Segment Open
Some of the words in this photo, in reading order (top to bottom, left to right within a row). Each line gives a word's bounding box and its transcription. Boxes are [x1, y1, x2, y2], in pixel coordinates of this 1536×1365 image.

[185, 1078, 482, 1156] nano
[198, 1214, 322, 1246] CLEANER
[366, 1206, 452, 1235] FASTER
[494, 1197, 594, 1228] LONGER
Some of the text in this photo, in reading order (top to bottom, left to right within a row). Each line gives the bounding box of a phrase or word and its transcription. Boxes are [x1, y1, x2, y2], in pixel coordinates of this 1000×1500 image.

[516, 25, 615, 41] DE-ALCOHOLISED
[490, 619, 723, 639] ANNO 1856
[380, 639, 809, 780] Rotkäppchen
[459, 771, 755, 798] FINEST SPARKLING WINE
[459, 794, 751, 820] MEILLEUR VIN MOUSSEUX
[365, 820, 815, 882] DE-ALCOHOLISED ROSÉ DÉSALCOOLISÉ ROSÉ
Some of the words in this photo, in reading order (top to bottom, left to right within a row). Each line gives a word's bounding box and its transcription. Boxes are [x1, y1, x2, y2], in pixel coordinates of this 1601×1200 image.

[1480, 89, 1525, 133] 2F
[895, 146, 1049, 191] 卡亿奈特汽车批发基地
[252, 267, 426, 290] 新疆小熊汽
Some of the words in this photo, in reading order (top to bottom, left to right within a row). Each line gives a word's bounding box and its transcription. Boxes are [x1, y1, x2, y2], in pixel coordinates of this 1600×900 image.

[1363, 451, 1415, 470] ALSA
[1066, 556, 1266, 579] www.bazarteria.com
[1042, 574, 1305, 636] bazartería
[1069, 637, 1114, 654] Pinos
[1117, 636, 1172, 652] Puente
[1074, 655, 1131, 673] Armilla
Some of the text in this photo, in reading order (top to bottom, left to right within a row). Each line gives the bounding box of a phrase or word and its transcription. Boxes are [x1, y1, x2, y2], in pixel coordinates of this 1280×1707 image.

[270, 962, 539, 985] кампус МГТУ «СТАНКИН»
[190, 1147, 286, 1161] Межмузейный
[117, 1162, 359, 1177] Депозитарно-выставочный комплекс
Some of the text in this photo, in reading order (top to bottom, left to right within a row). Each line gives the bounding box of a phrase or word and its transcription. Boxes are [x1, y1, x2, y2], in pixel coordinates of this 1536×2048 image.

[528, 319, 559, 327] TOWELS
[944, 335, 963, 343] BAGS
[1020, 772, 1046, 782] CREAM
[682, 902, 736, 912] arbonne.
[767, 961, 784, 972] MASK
Segment Closed
**Required work**.
Line by line, print the listing above exactly.

**Worked solution**.
Some of the words in this photo, in reading order (top to bottom, left to right within a row). Each line gives a word's bounding box and its transcription. Boxes are [x1, y1, x2, y2], in pixel coordinates of this 1536×1365 image.

[185, 1078, 482, 1156] nano
[198, 1214, 322, 1246] CLEANER
[366, 1206, 452, 1235] FASTER
[494, 1197, 594, 1228] LONGER
Some of the text in this photo, in reading order (top to bottom, left to right within a row). Each line gives the bounding box of a phrase or word and its transcription. Boxes are [x1, y1, x2, y2], in pixel coordinates of this 1000×1500 image.

[516, 25, 615, 41] DE-ALCOHOLISED
[490, 619, 723, 639] ANNO 1856
[380, 639, 809, 780] Rotkäppchen
[459, 771, 755, 798] FINEST SPARKLING WINE
[459, 794, 751, 820] MEILLEUR VIN MOUSSEUX
[365, 820, 815, 882] DE-ALCOHOLISED ROSÉ DÉSALCOOLISÉ ROSÉ
Some of the words in this photo, in reading order (top to bottom, left to right within a row). Each line gives a word's bounding box and its transcription. Boxes are [x1, y1, x2, y2], in pixel coordinates of this 1601×1200 image.

[1480, 89, 1525, 133] 2F
[895, 146, 1049, 191] 卡亿奈特汽车批发基地
[252, 267, 426, 290] 新疆小熊汽
Some of the words in this photo, in reading order (top to bottom, left to right within a row). Each line gives a word's bounding box and its transcription. Boxes are [x1, y1, x2, y2], in pixel coordinates of this 1600×900 image.

[1363, 451, 1415, 470] ALSA
[1066, 556, 1266, 579] www.bazarteria.com
[1042, 574, 1305, 636] bazartería
[1069, 637, 1114, 654] Pinos
[1117, 636, 1172, 652] Puente
[1074, 655, 1131, 673] Armilla
Some of the text in this photo, in reading order (top to bottom, left to right within a row). Each line gives the bounding box of a phrase or word and its transcription. Boxes are [x1, y1, x2, y2], in pixel coordinates of this 1280×1707 image.

[270, 962, 539, 985] кампус МГТУ «СТАНКИН»
[190, 1147, 286, 1161] Межмузейный
[117, 1162, 359, 1177] Депозитарно-выставочный комплекс
Some of the text in this photo, in reading order (top to bottom, left to right within a row). Each line gives the bounding box of a phrase or word and its transcription. Boxes are [x1, y1, x2, y2], in pixel coordinates of this 1536×2048 image.

[528, 319, 559, 327] TOWELS
[944, 335, 963, 343] BAGS
[1020, 772, 1046, 782] CREAM
[682, 902, 736, 912] arbonne.
[767, 961, 784, 972] MASK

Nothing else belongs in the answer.